The River Honddu (Afon Honddu) (pronounced hon-thee) is a river in the Black Mountains within the Brecon Beacons National Park, southeast Wales. Early recorded versions of the name are of the form Hothenei and hodni which are believed to contain the adjective 'hawdd' meaning for example, pleasant or easy. Later forms such as Honddye have undergone metathesis whereby -ddn- became -ndd-. The river is over 24km in length.

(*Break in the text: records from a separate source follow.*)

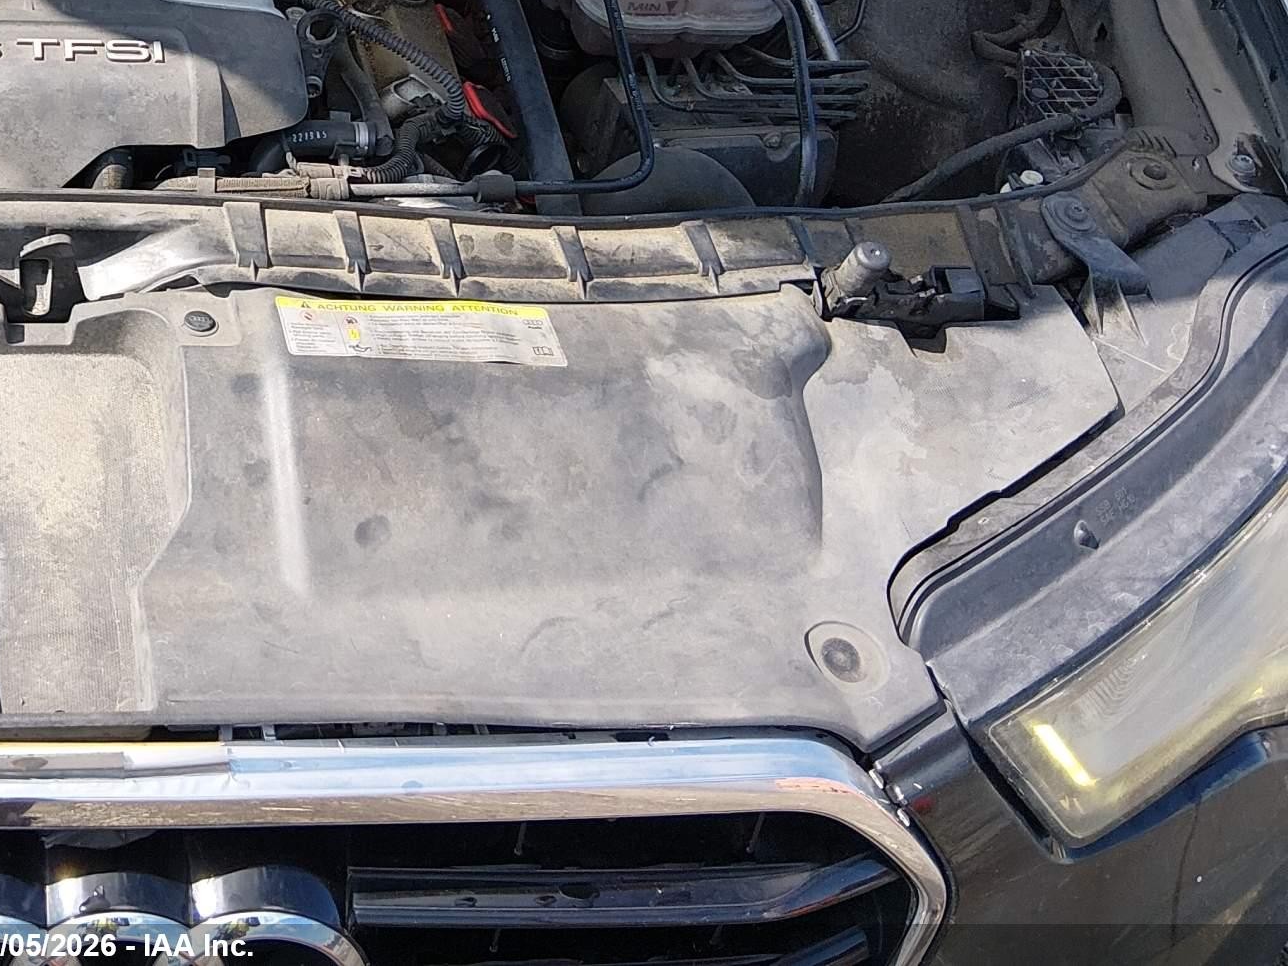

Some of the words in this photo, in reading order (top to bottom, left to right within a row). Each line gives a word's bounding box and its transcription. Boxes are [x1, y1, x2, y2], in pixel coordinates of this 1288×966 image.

[626, 0, 662, 12] MIN
[16, 38, 166, 63] TFSI
[317, 303, 377, 312] ACHTUNG
[383, 304, 445, 313] WARNING
[451, 304, 519, 316] ATTENTION

It rises within the county of Powys near the Gospel Pass at the head of the Vale of Ewyas down which it flows, passing southwards into Monmouthshire to Llanvihangel Crucorney before turning northeastwards to join the River Monnow at the point on the Wales-England border where that river too makes a sudden change of direction. The only significant tributary to join the Honddu is the Nant Bwch though numerous smaller streams flow down the steep sides of the Vale of Ewyas to add to the river's flow.

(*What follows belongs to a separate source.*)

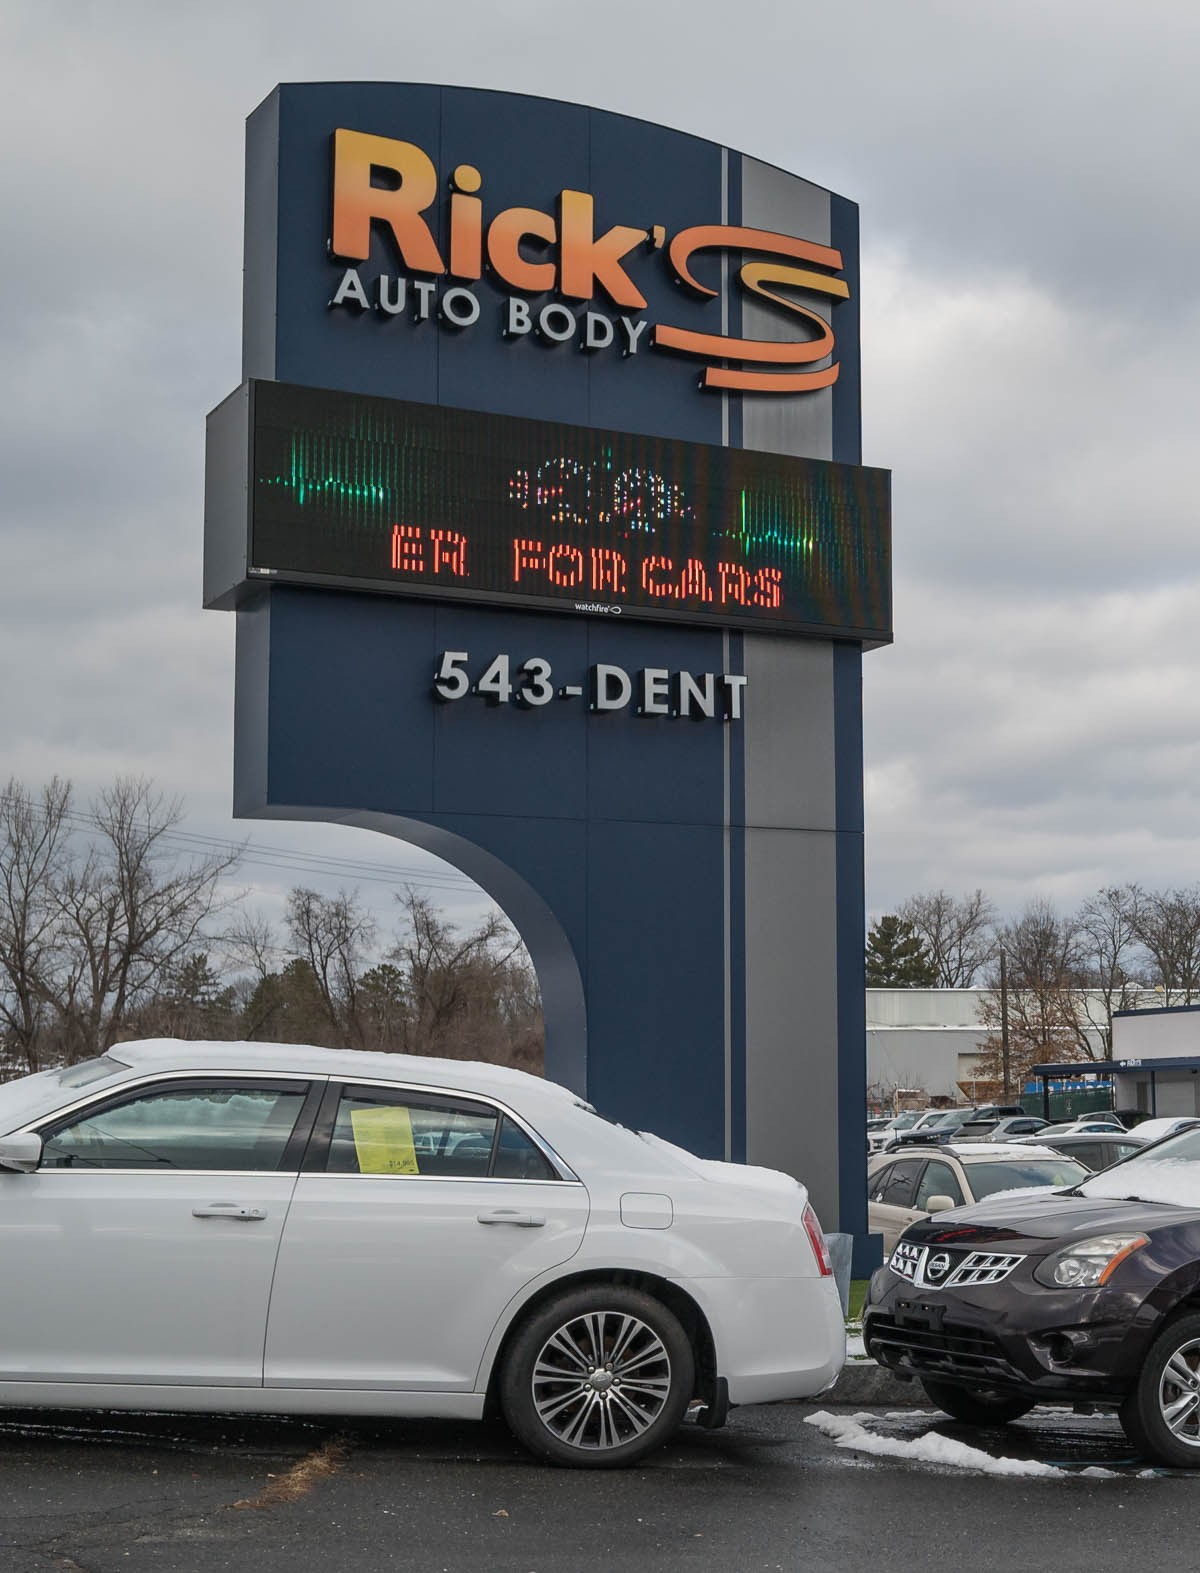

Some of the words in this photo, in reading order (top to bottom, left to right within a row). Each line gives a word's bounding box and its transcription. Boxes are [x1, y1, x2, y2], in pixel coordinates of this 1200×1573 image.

It is likely that the Honddu continued on a southerly course beyond Llanvihangel Crucorney prior to the last ice age but has since been diverted by the presence of a large terminal moraine which stretches impressively across the valley to the west of the village. The southwest to northeast alignment of both the Honddu and the Monnow appear to be related to the course of the Neath Disturbance, an ancient geological weakness, which runs through the valley to the north of the Sugarloaf and on towards Hereford.

The upper valley of the Honddu has the characteristic U-shape of a glacially scoured valley though it is not clear where the ice originated that cut this deep trench through the eastern Black Mountains. The modern Honddu is thus something of a misfit river. It has been speculated that glacial ice from the Wye valley glacier invaded the Vale of Ewyas over the Gospel Pass, though no evidence of any glacial till containing clasts of rock from mid Wales has yet been found within the valley to support that proposal.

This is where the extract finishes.